И вот теперь ей представилась уникальная возможность поухаживать за племянником и, быть может… сосватать ему в жены какую-нибудь хорошую девушку! Эту мысль тетя Маша лелеяла уже давно, потому что больше всего на свете мечтала о внуках. Пусть не родных, пусть двоюродных, но – внуках! «В твоем возрасте пора уже остепениться», – говаривала она, услышав про смену очередной пассии Эдика, но тот лишь отделывался фразой: «Молодость дается только раз в жизни!» – «И быстро проходит», – напоминала ему тетя.
От перспектив оказаться снова на попечении тетушки, Эдуард Андреевич вздохнул еще тяжелее, но другого выхода не было, и он твердо пообещал себе, что это – всего на пару недель.
Будильник запищал в семь утра, и Эдуард, моментально проснувшись, прикрыл его рукой. Не хватало еще, чтобы тетя проснулась в такую рань, чтобы приготовить ему завтрак! Он давно привык делать все сам! Кроме того, непомерное количество пирожков и пельменей, скормленных ему вчера, еще сказывалось тяжестью в желудке.

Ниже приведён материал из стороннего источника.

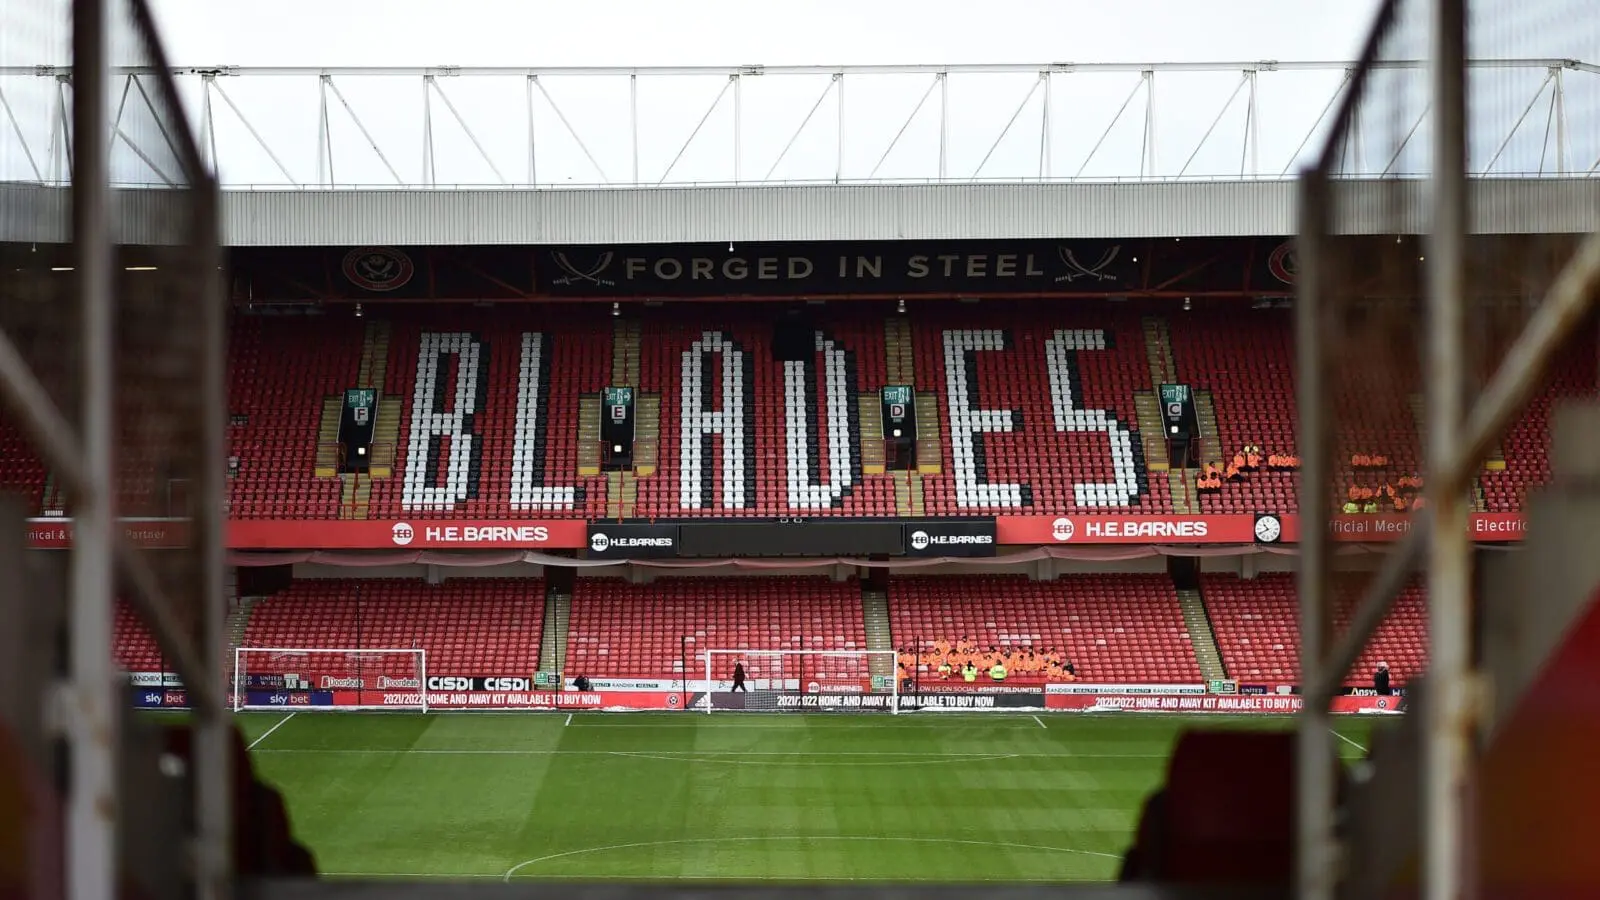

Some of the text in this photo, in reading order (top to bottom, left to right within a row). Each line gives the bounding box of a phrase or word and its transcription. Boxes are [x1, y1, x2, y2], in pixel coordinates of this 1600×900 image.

[625, 253, 1044, 281] FORGED IN STEEL
[357, 408, 366, 420] F
[614, 406, 624, 418] E
[891, 405, 903, 417] D
[1169, 403, 1181, 415] C
[1086, 521, 1208, 537] H.E.BARNES
[1330, 520, 1369, 533] fficial
[1476, 518, 1528, 533] Electric
[27, 530, 55, 540] nical
[125, 529, 166, 540] Partner
[426, 526, 549, 542] H.E.BARNES
[930, 535, 993, 545] H.E.BARNES
[610, 537, 673, 547] H.E.BARNES
[427, 676, 473, 691] CISDI
[484, 677, 530, 691] CISDI
[145, 693, 185, 705] sky bet
[270, 693, 309, 705] sky bet
[383, 693, 423, 706] 2021/2022
[450, 694, 467, 705] AND
[468, 694, 491, 705] AWAY
[492, 694, 506, 705] KIT
[507, 694, 549, 705] AVAILABLE
[551, 694, 563, 705] TO
[563, 694, 585, 705] BUY
[585, 694, 602, 705] NOW
[819, 695, 842, 707] HOME
[843, 695, 861, 707] AND
[861, 695, 885, 707] AWAY
[900, 695, 944, 707] AVAILABLE
[944, 695, 957, 707] TO
[956, 695, 974, 707] BUY
[974, 695, 995, 707] NOW
[1136, 697, 1160, 708] HOME
[1160, 697, 1179, 708] AND
[1179, 697, 1203, 709] AWAY
[1203, 697, 1217, 709] KIT
[1217, 697, 1261, 709] AVAILABLE
[1262, 697, 1274, 709] TO
[1274, 697, 1290, 709] BUY
[1291, 697, 1304, 710] NO
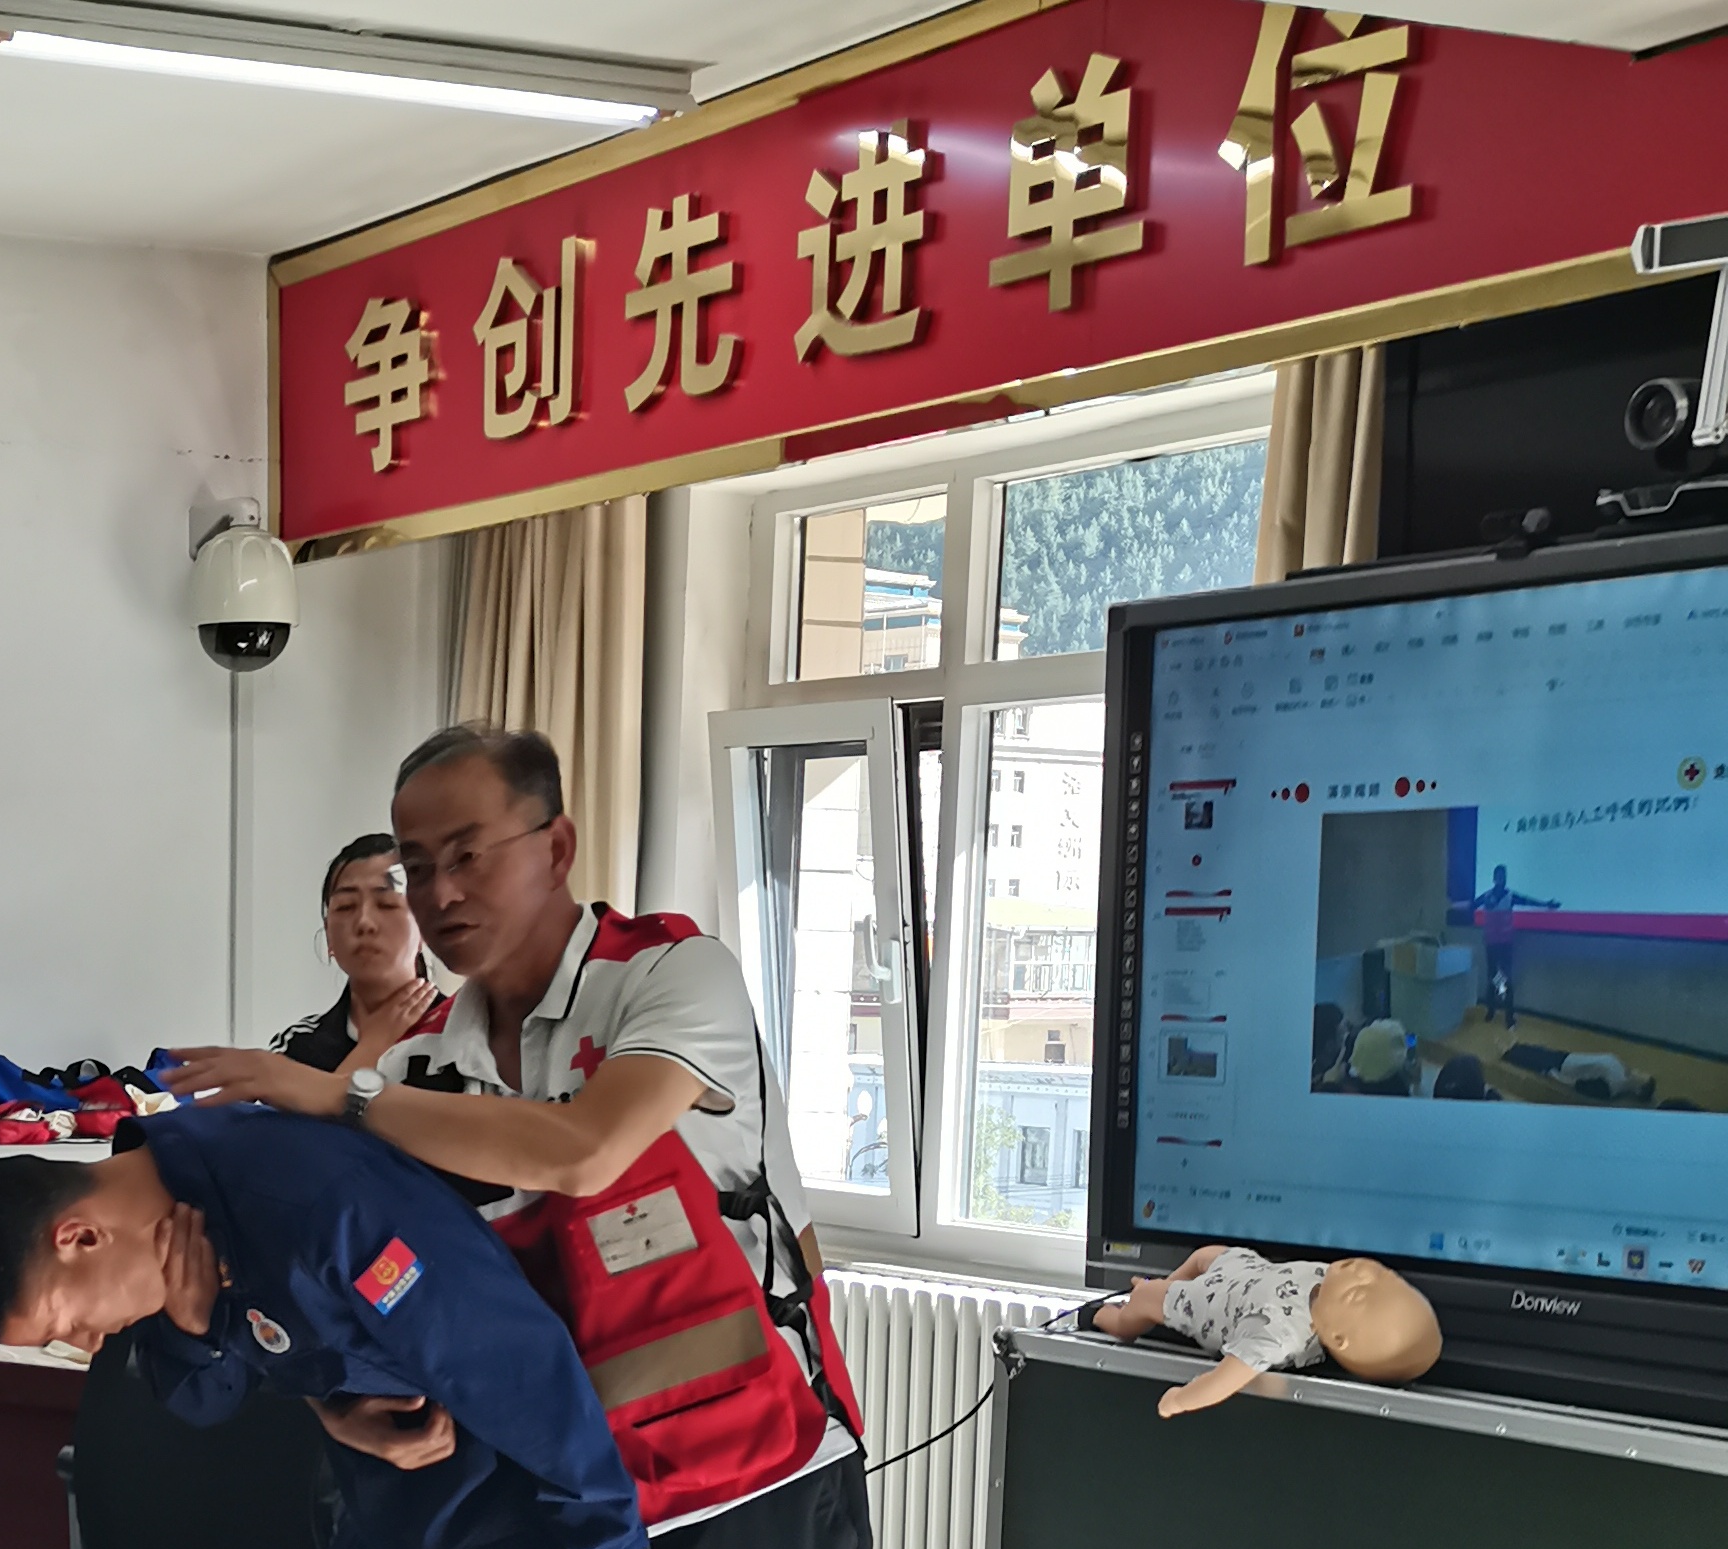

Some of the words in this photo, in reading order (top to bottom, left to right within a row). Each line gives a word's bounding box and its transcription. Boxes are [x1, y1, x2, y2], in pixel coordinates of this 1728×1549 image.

[342, 3, 1414, 473] 争创先进单位
[1511, 1289, 1581, 1316] Donview

Эдуард тихо собрался и наскоро проглотил чашку кофе, не переставая прикидывать в уме, с чего бы начать поиски собственного жилья. Выходя из дома, он осторожно защелкнул замок на входной двери и тут же столкнулся с соседкой, которая тоже закрывала свою квартиру.
– Эй, поосторожнее! – возмущенно осадила его девица.
Обернувшись, Журавский наметанным глазом оценил ее внешность. Ничего особенного: лет двадцать восемь-тридцать, черты лица резковаты, короткая «мальчишеская» стрижка, вот только глаза… Глаза полыхали изумрудным пламенем, и это пламя грозило прожечь в Журавском дыру.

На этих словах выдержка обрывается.